• [Try it]:
Omit the pictures while printing every entry below exactly as given.

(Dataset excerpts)
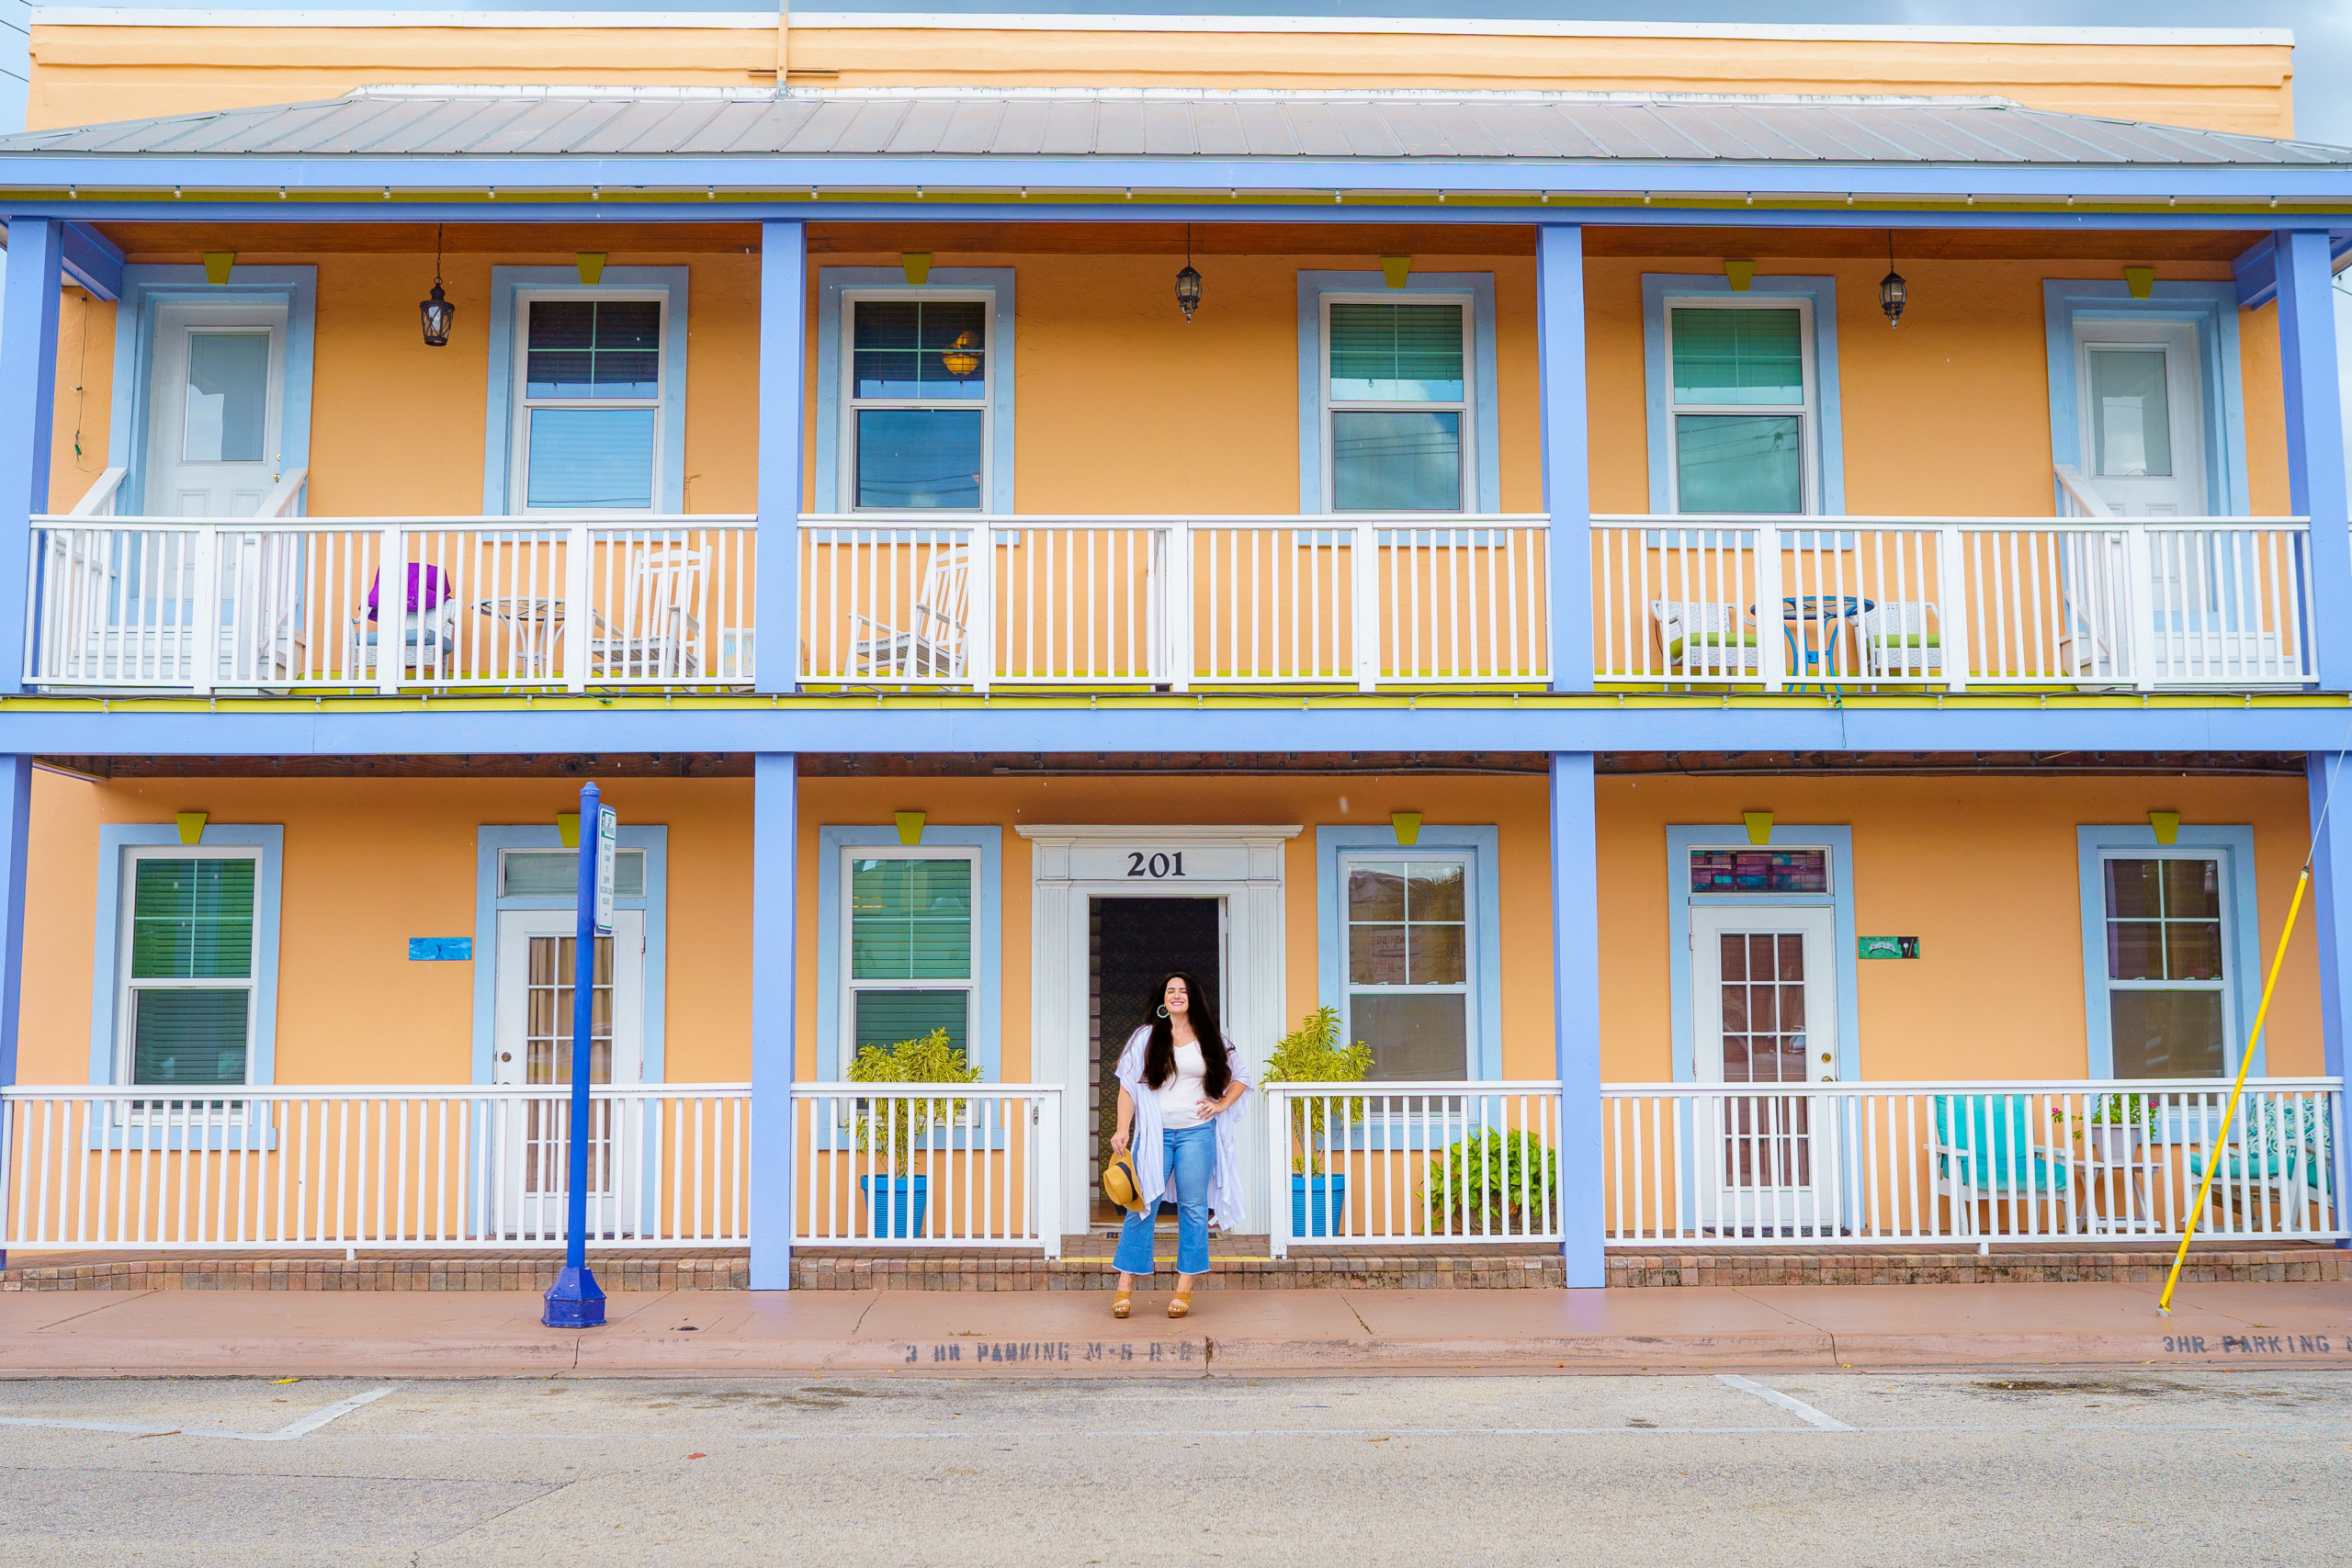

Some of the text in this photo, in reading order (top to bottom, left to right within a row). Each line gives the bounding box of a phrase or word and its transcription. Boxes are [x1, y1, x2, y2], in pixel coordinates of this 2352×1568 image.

[1127, 852, 1185, 878] 201
[906, 1345, 917, 1362] 3
[977, 1342, 1069, 1362] PARKING
[2163, 1336, 2207, 1353] 3HR
[2222, 1335, 2330, 1353] PARKING
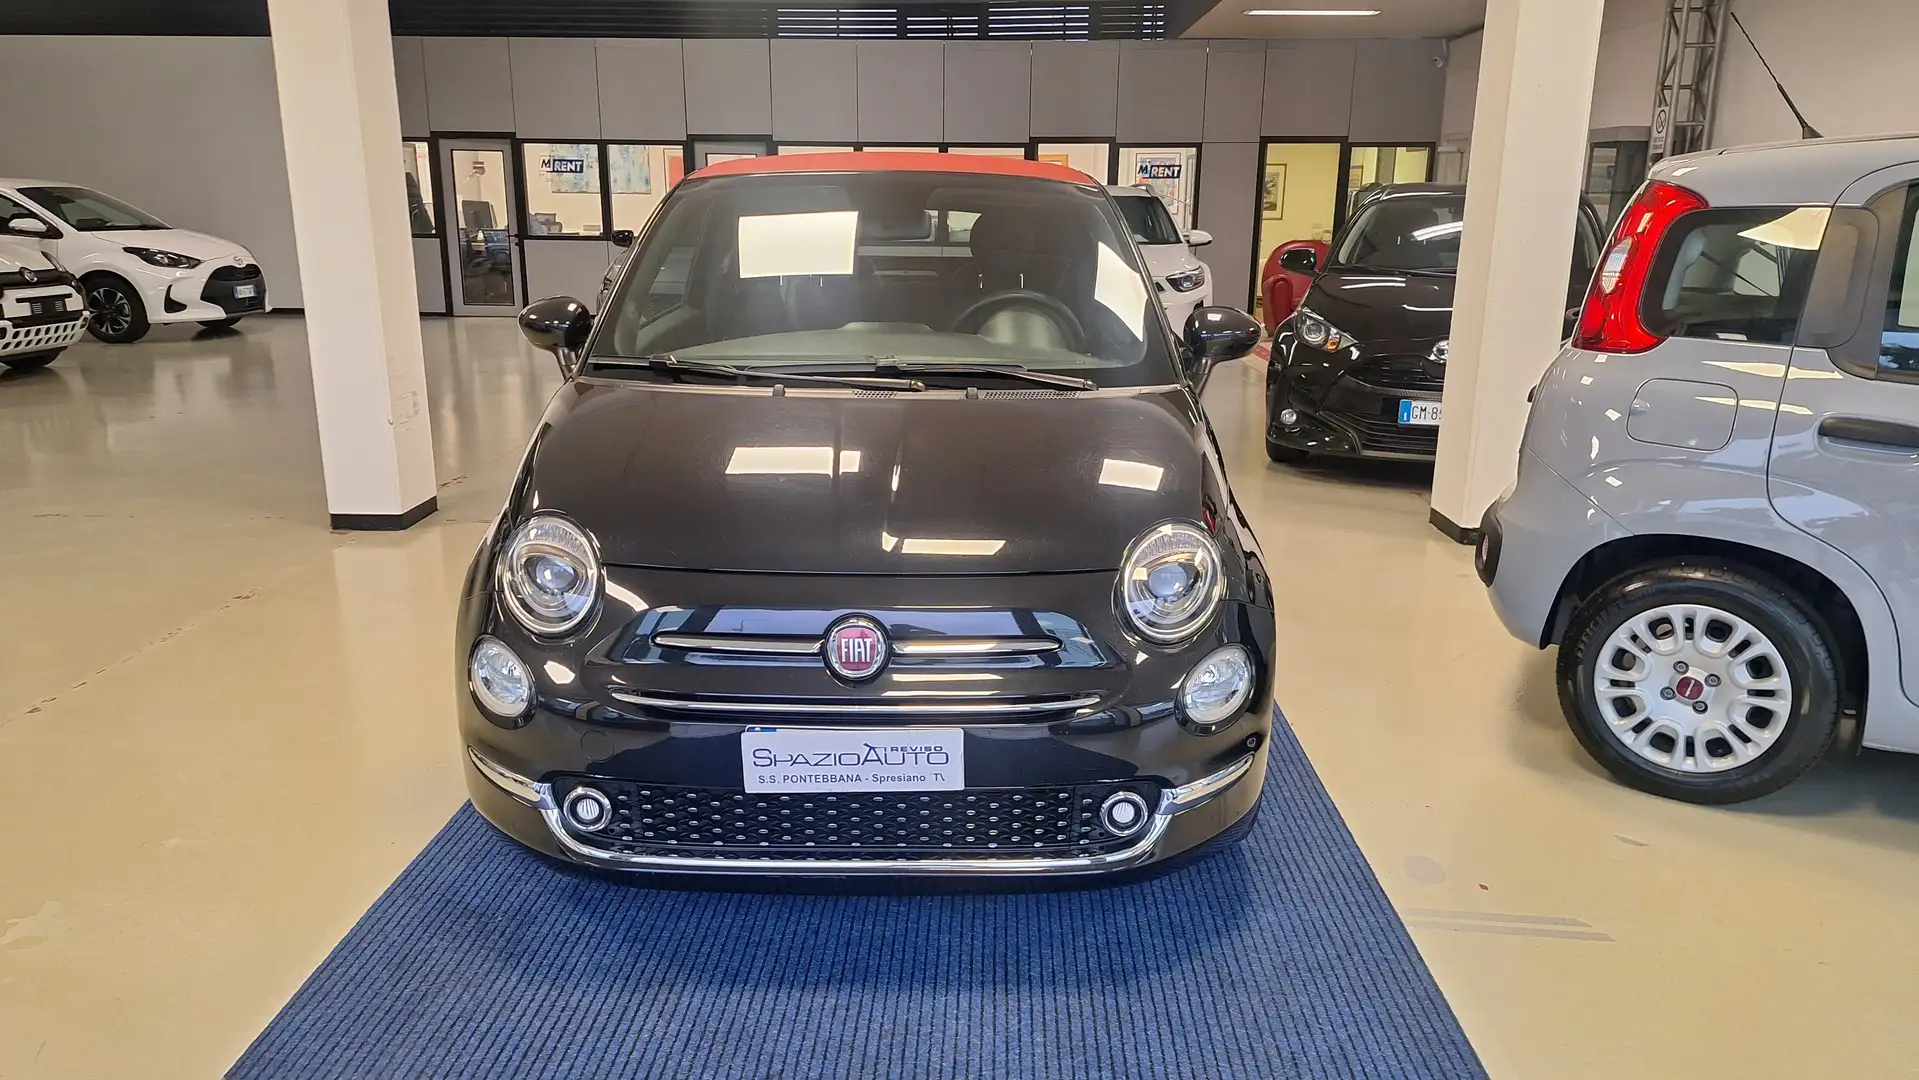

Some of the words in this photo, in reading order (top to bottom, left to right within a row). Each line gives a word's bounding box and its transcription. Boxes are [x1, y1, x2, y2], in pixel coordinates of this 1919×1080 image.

[554, 161, 582, 172] RENT
[1152, 167, 1180, 177] RENT
[841, 637, 873, 663] FIAT
[758, 774, 780, 784] S.S.
[783, 774, 863, 784] PONTEBBANA
[871, 773, 926, 785] Spresiano
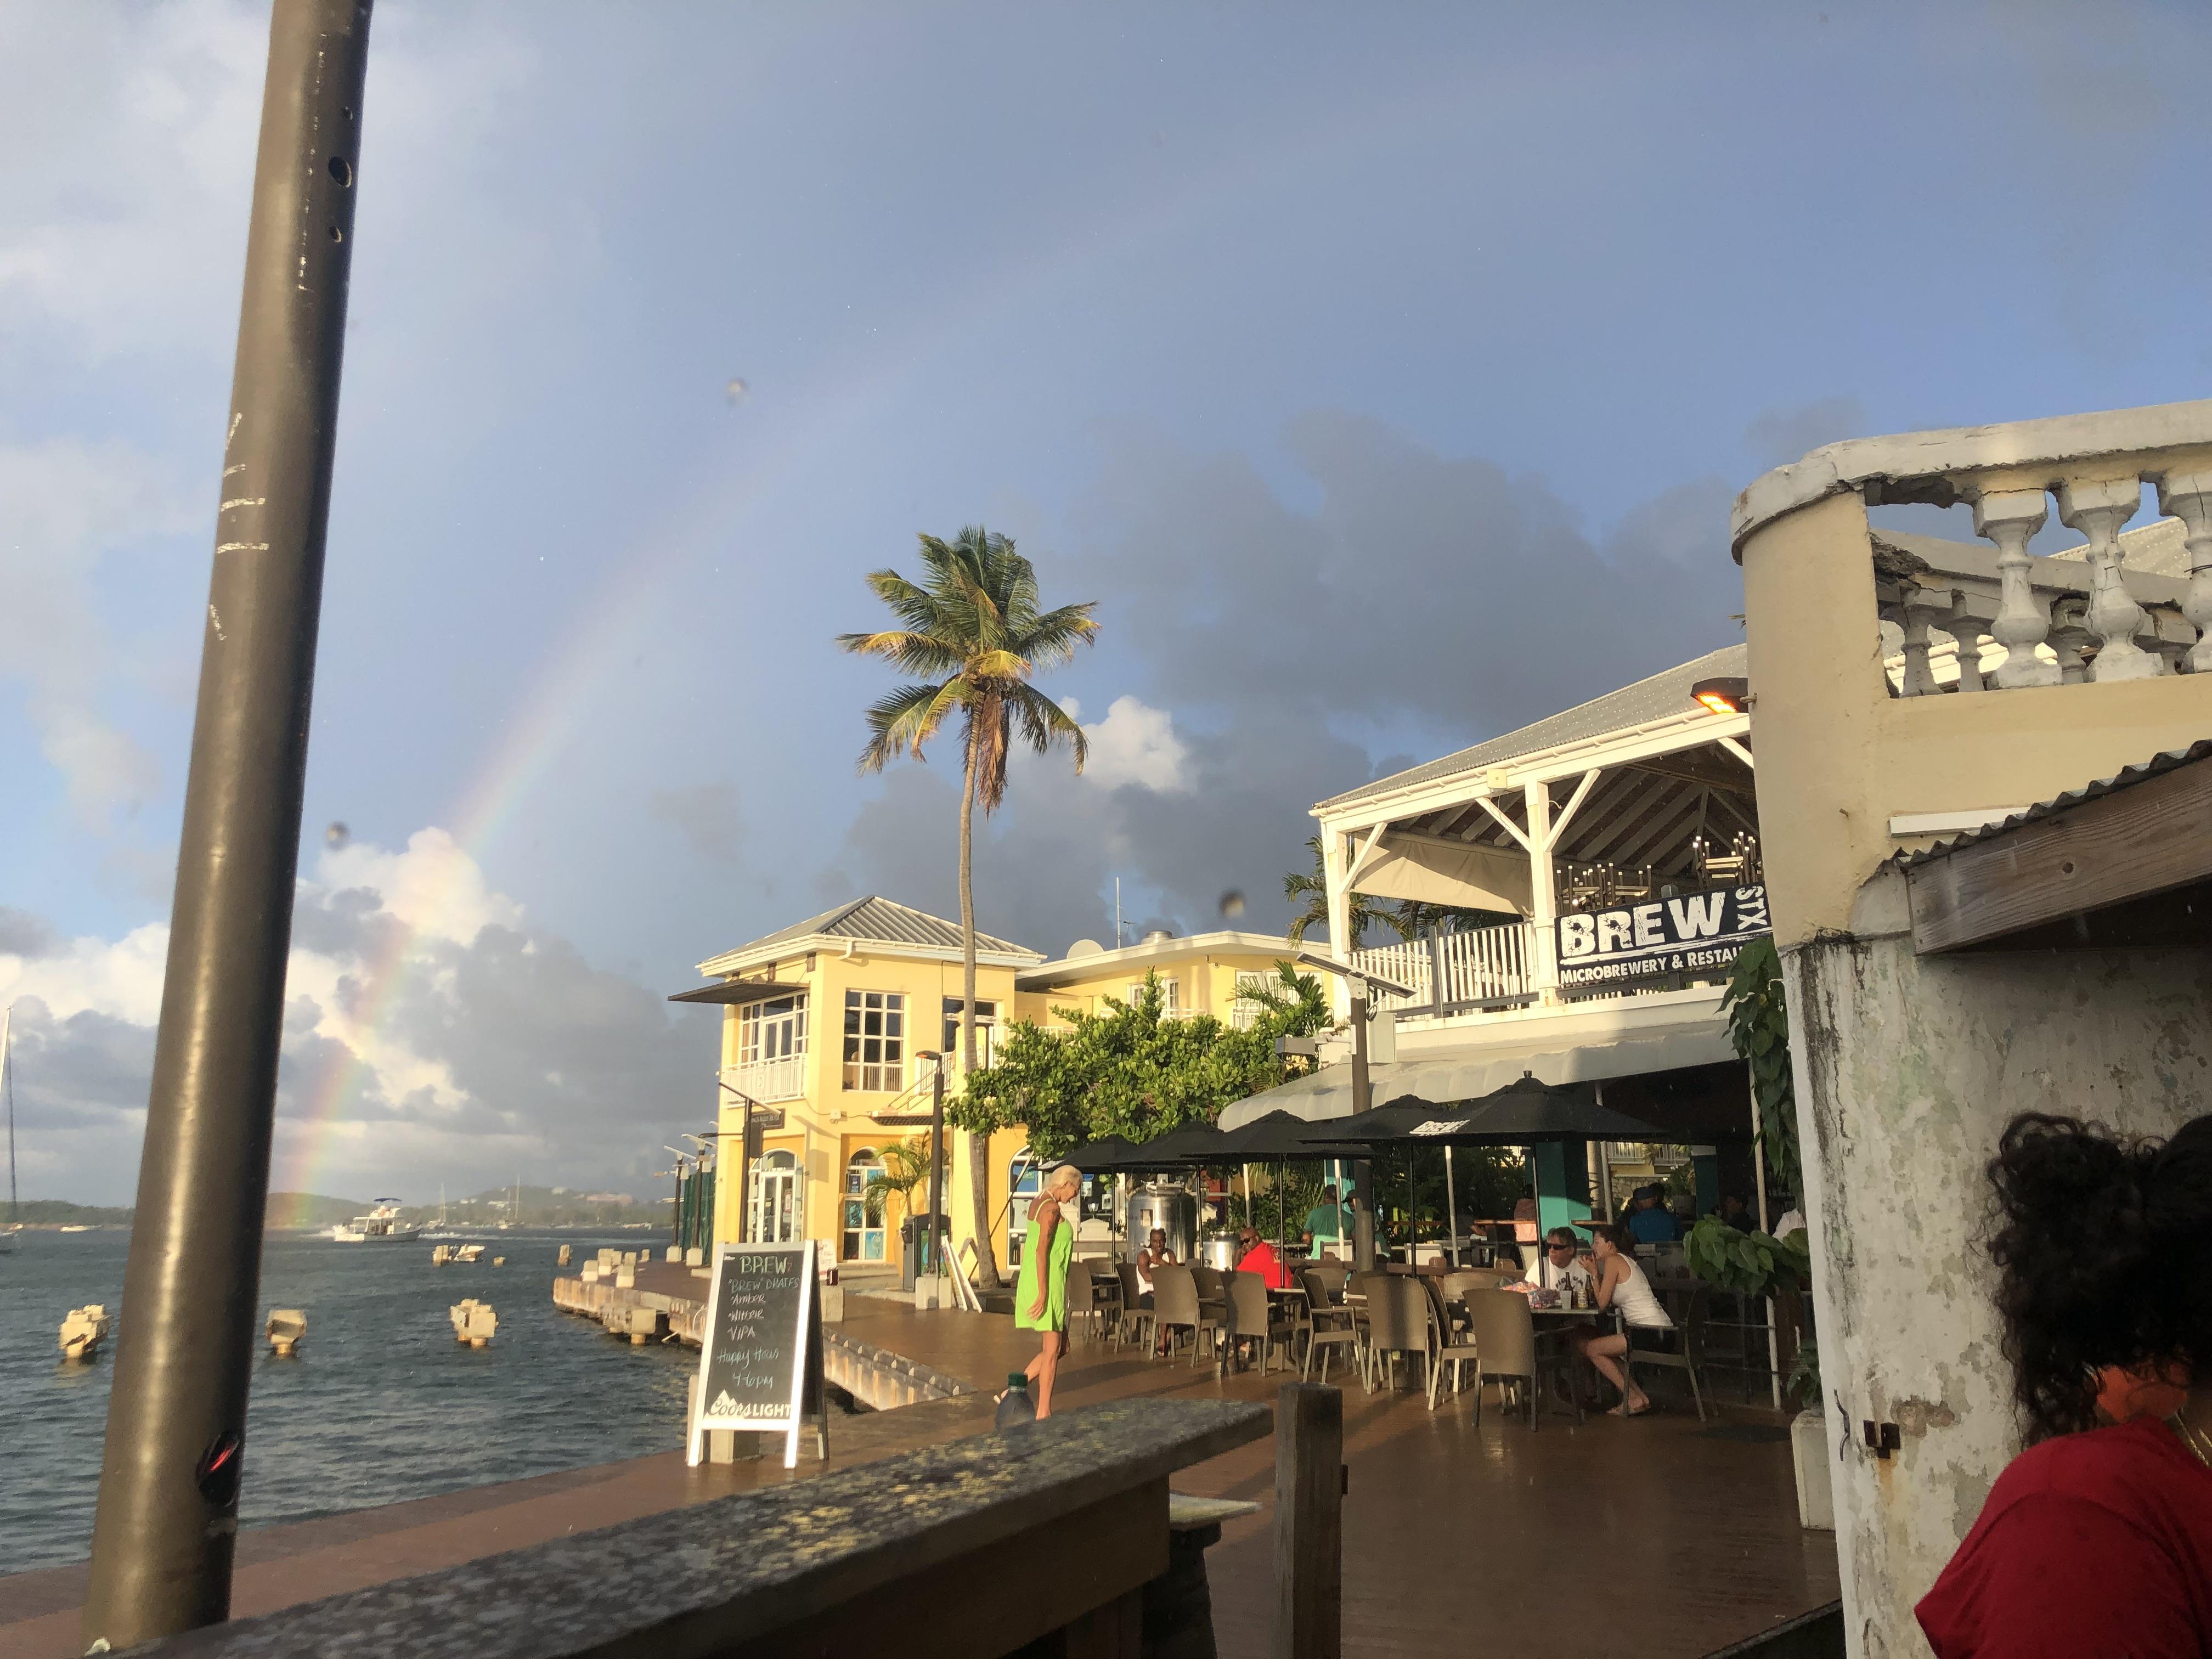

• [Written reply]:
Some of the text in this photo, in reading order (top to bottom, left to right within a row). Each line gives the bounding box of a phrase or word and its transcription. Boxes are [x1, y1, x2, y2], in pixel coordinates of this 2352×1568 image.

[1127, 852, 1185, 878] 201
[906, 1345, 917, 1362] 3
[977, 1342, 1069, 1362] PARKING
[2163, 1336, 2207, 1353] 3HR
[2222, 1335, 2330, 1353] PARKING

Some of the words in this photo, in reading order (top to bottom, left to right within a row). Each line gives a word's bounding box and its transcription. Boxes are [x1, y1, x2, y2], in pixel coordinates of this 1919×1080 image.

[554, 161, 582, 172] RENT
[1152, 167, 1180, 177] RENT
[841, 637, 873, 663] FIAT
[758, 774, 780, 784] S.S.
[783, 774, 863, 784] PONTEBBANA
[871, 773, 926, 785] Spresiano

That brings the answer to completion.